Records contained in a dataset:
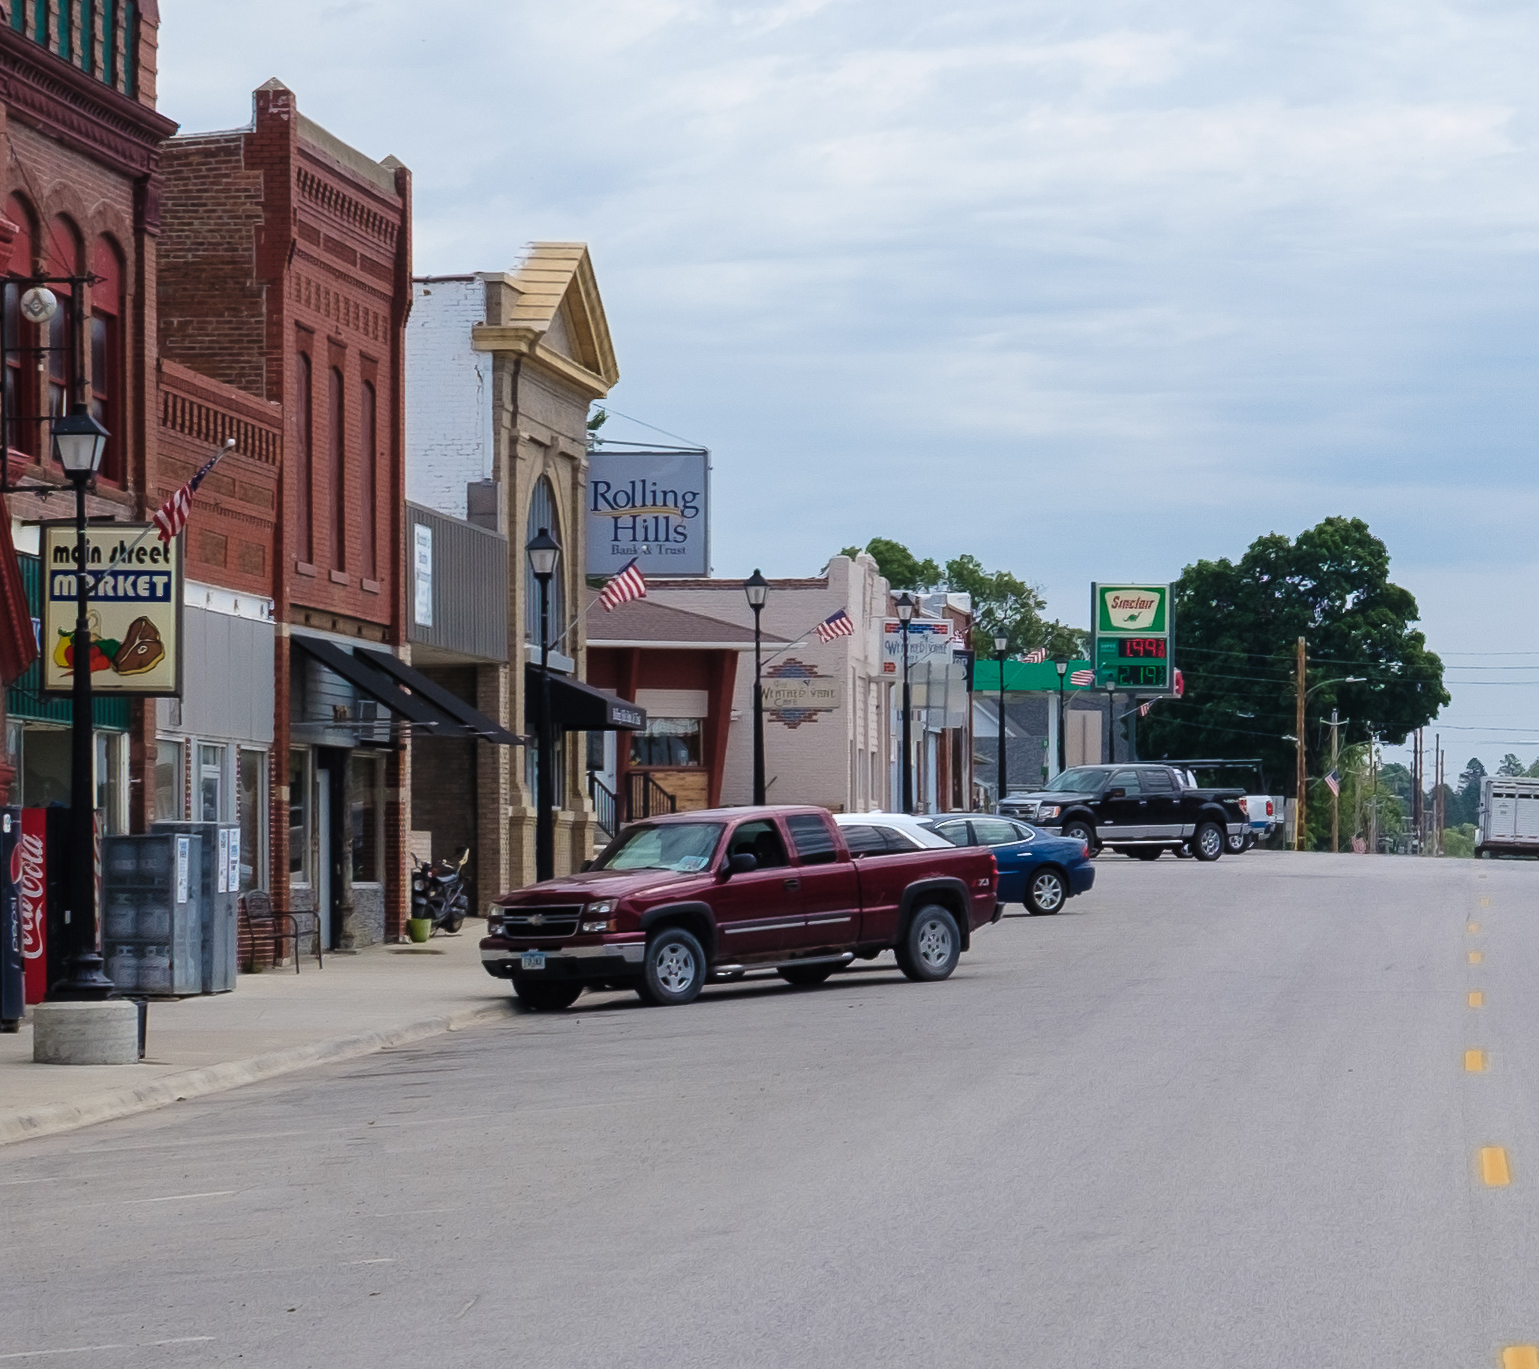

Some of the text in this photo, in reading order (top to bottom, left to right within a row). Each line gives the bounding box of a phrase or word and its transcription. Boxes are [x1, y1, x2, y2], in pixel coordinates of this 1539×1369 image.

[590, 479, 700, 519] Rolling
[610, 514, 688, 544] Hills
[109, 540, 170, 565] street
[611, 544, 639, 555] Bank
[656, 544, 686, 555] Trust
[1111, 595, 1155, 610] Sinclair
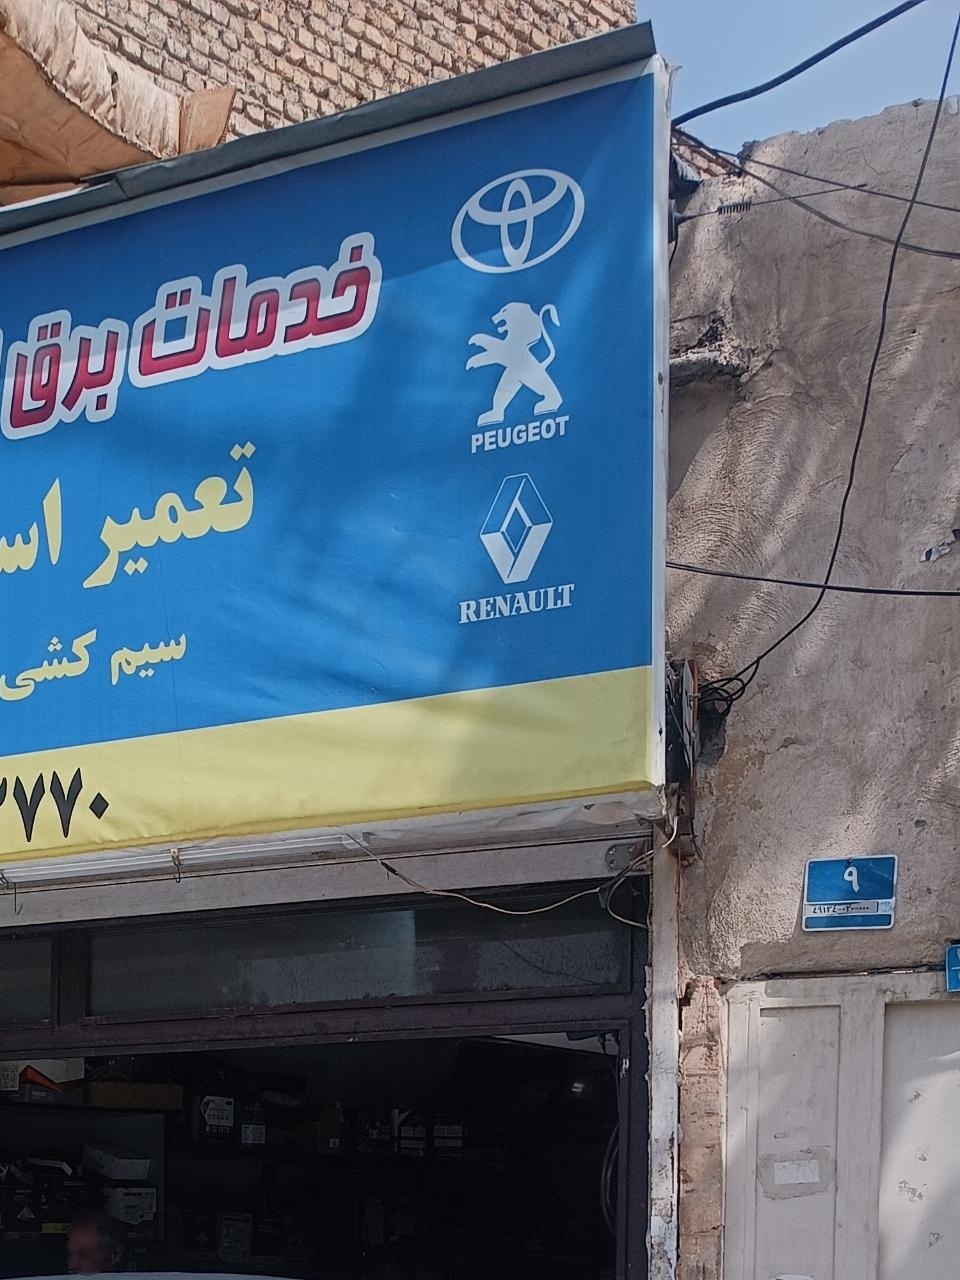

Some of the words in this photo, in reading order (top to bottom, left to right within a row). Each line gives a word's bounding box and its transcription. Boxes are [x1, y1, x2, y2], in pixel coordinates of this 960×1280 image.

[130, 233, 380, 385] خدمات
[5, 314, 124, 434] برق
[471, 415, 570, 454] PEUGEOT
[83, 440, 256, 589] تعمیر
[458, 583, 575, 625] RENAULT
[110, 632, 188, 685] سیم
[843, 866, 860, 893] ۹
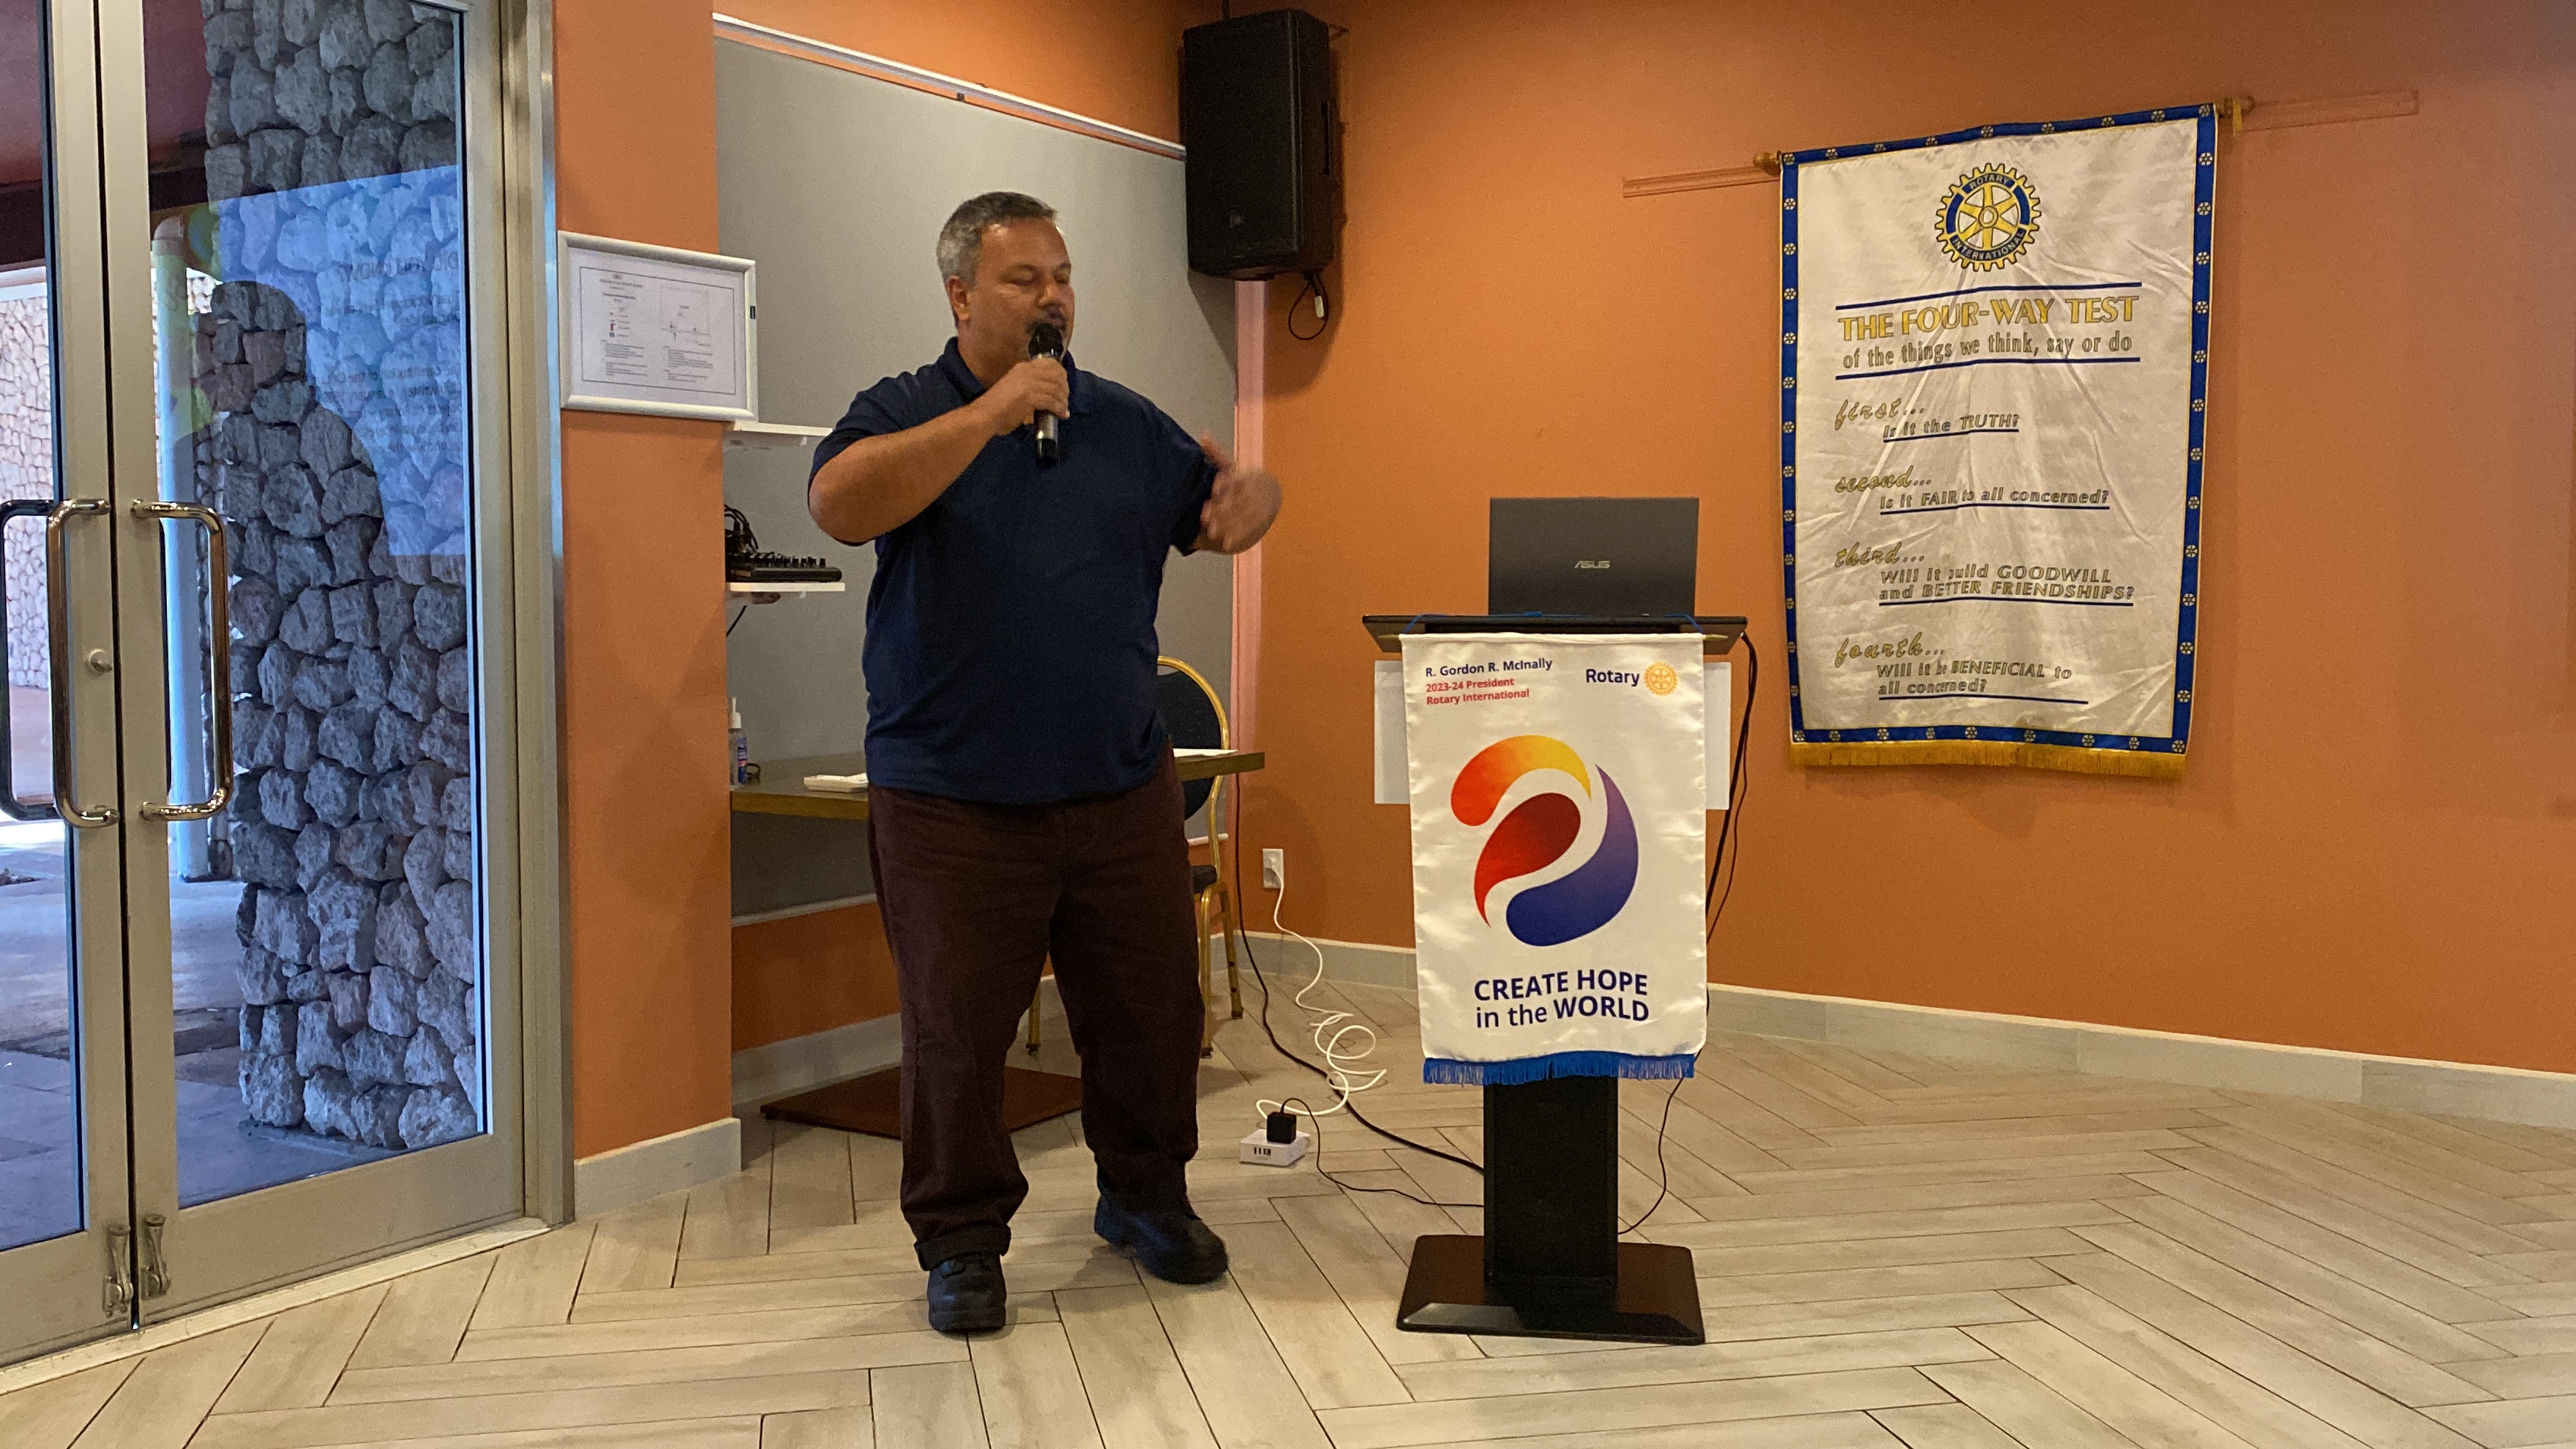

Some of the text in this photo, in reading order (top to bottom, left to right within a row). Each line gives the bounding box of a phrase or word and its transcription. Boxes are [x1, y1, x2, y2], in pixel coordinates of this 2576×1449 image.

[1970, 173, 2010, 190] ROTARY
[1952, 231, 2024, 261] INTERNATIONAL
[1838, 295, 2139, 342] THE FOUR-WAY TEST
[1843, 331, 2133, 369] of the things we think, say or do
[1883, 413, 2020, 438] Is it the TRUTH?
[1880, 487, 2110, 509] Is it FAIR to all concerned?
[1574, 561, 1610, 569] ASUS
[1880, 568, 1919, 584] Will
[1927, 567, 1941, 581] it
[1996, 565, 2112, 583] GOODWILL
[1879, 580, 2135, 600] and BETTER FRIENDSHIPS?
[1426, 658, 1553, 677] R. Gordon R. McInally
[1585, 667, 1640, 686] Rotary
[1876, 662, 1912, 678] Will
[1918, 662, 1931, 675] it
[1950, 660, 2045, 678] BENEFICIAL
[2054, 666, 2072, 679] to
[1426, 678, 1515, 692] 2023-24 President
[1878, 681, 1901, 694] all
[1426, 689, 1530, 705] Rotary International
[1474, 969, 1647, 1001] CREATE HOPE
[1476, 995, 1649, 1028] in the WORLD

◆ Task to carry out
Once the pictures are set aside, copy the remaining text of every entry exactly.

◆ Solution
Some of the text in this photo, in reading order (top to bottom, left to right within a row). Each line gives the bounding box of a phrase or word and its transcription. Boxes are [x1, y1, x2, y2], in pixel coordinates of this 1539×1369 image.

[590, 479, 700, 519] Rolling
[610, 514, 688, 544] Hills
[109, 540, 170, 565] street
[611, 544, 639, 555] Bank
[656, 544, 686, 555] Trust
[1111, 595, 1155, 610] Sinclair

Some of the words in this photo, in reading order (top to bottom, left to right within a row). Each line gives a word's bounding box and its transcription. Boxes are [x1, y1, x2, y2], in pixel coordinates of this 960×1280 image.

[130, 233, 380, 385] خدمات
[5, 314, 124, 434] برق
[471, 415, 570, 454] PEUGEOT
[83, 440, 256, 589] تعمیر
[458, 583, 575, 625] RENAULT
[110, 632, 188, 685] سیم
[843, 866, 860, 893] ۹

Some of the text in this photo, in reading order (top to bottom, left to right within a row). Each line gives the bounding box of a phrase or word and its transcription. Boxes are [x1, y1, x2, y2], in pixel coordinates of this 2576×1449 image.

[1970, 173, 2010, 190] ROTARY
[1952, 231, 2024, 261] INTERNATIONAL
[1838, 295, 2139, 342] THE FOUR-WAY TEST
[1843, 331, 2133, 369] of the things we think, say or do
[1883, 413, 2020, 438] Is it the TRUTH?
[1880, 487, 2110, 509] Is it FAIR to all concerned?
[1574, 561, 1610, 569] ASUS
[1880, 568, 1919, 584] Will
[1927, 567, 1941, 581] it
[1996, 565, 2112, 583] GOODWILL
[1879, 580, 2135, 600] and BETTER FRIENDSHIPS?
[1426, 658, 1553, 677] R. Gordon R. McInally
[1585, 667, 1640, 686] Rotary
[1876, 662, 1912, 678] Will
[1918, 662, 1931, 675] it
[1950, 660, 2045, 678] BENEFICIAL
[2054, 666, 2072, 679] to
[1426, 678, 1515, 692] 2023-24 President
[1878, 681, 1901, 694] all
[1426, 689, 1530, 705] Rotary International
[1474, 969, 1647, 1001] CREATE HOPE
[1476, 995, 1649, 1028] in the WORLD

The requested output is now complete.